Replacing PCI as a peripheral bus in generalpurpose computers, PCIe (PCI Express) is now seeking a role in communications. It offers the raw performance for communications and has significant cost advantages over today's popular proprietary buses. Its legacy link to the PC may limit its communications success, however, unless proponents can solve critical shortfalls in its architecture.
Decades after it surfaced, the IBM PC is still having a ripple effect throughout the electronics industry. The PC's immense popularity and resulting production volumes have made PC-centric technology both inexpensive and widespread. These advantages, in turn, have made the technology appealing to a variety of other applications. The PC's bus structures have spun off a number of derivatives, including PC/104, PXI, and CompactPCI, which make the PC's processor, peripheral devices, and software elements available to non-PC applications.
PCIe is the most recent version of the PC's peripheral-bus structure to begin finding its way into other applications. As with the earlier PCI and AT buses, PCIe is generating interest because it allows embedded-computing developers to use the proven, powerful, lowcost, and widely available technology that arises from desktop computing. Unlike the previous buses, however, PCIe offers performance levels that match the processor's—with room to grow. At the same time, PCIe retains software compatibility with the PCI bus, preserving the cost advantages that previous generations of PC technology have enjoyed (see box "PCI Express basics").
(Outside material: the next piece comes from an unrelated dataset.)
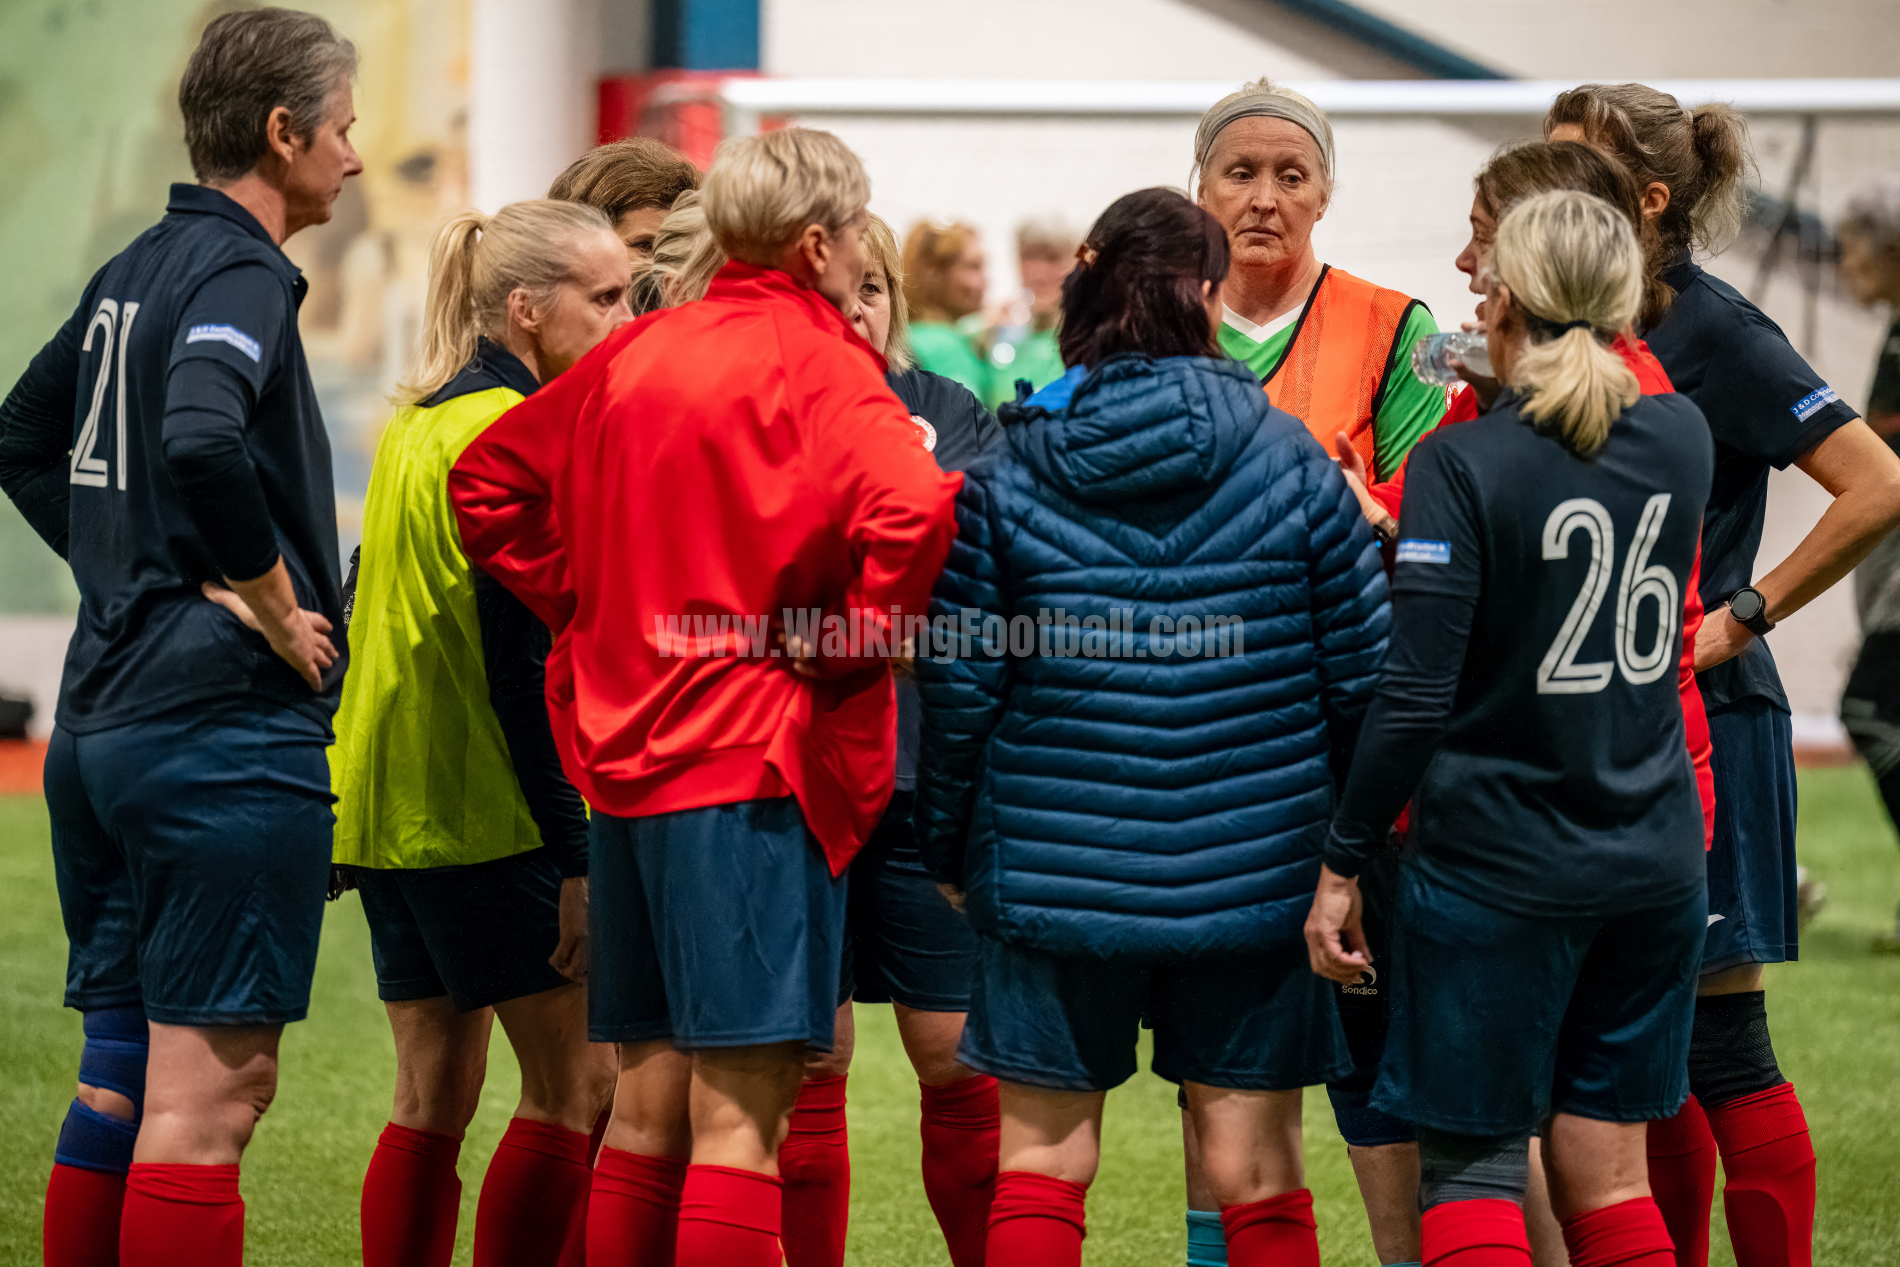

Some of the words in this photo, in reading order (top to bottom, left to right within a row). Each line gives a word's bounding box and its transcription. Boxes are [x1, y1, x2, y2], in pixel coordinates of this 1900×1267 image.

[70, 298, 140, 491] 21
[1537, 493, 1680, 694] 26
[1341, 984, 1378, 996] Sondico
This combination of high performance and low cost has caught the attention of the communications industry. Traditionally, communication developers have used proprietary-bus structures to handle their highest performance needs. Cost and timeto- market pressures, however, have made proprietary approaches increasingly unattractive.
Still, the home that PCIe will find in the communications market is not yet certain. Communications devices have a broad range of needs, varying with their position in the network hierarchy. This hierarchy spans multiple levels with differing mixes of control and data-handling requirements (Figure 1).
VARYING NEEDS The transport tier lies at the high-data-rate end. This tier provides long-distance data transport over high-capacity channels. Statically configured transport-tier devices do not interact significantly with the data they are transporting. As a result, these devices are not strong candidates for PCIe. Devices start to become aware of the data they handle at the core tier, although their interaction with the data is still limited. Core devices prioritize their functions based on the tags and labels added to the data in the lower tiers. Typically, core devices use an architecture that separates the control of the data from the handling of the data. The control plane manages the tables that direct the data plane in routing the data through the system. Whereas PCIe may have a role in the control plane of core-tier devices, the data plane tends to employ proprietary-bus structures and protocols to minimize the packet-routing overhead and achieve high bandwidth efficiency.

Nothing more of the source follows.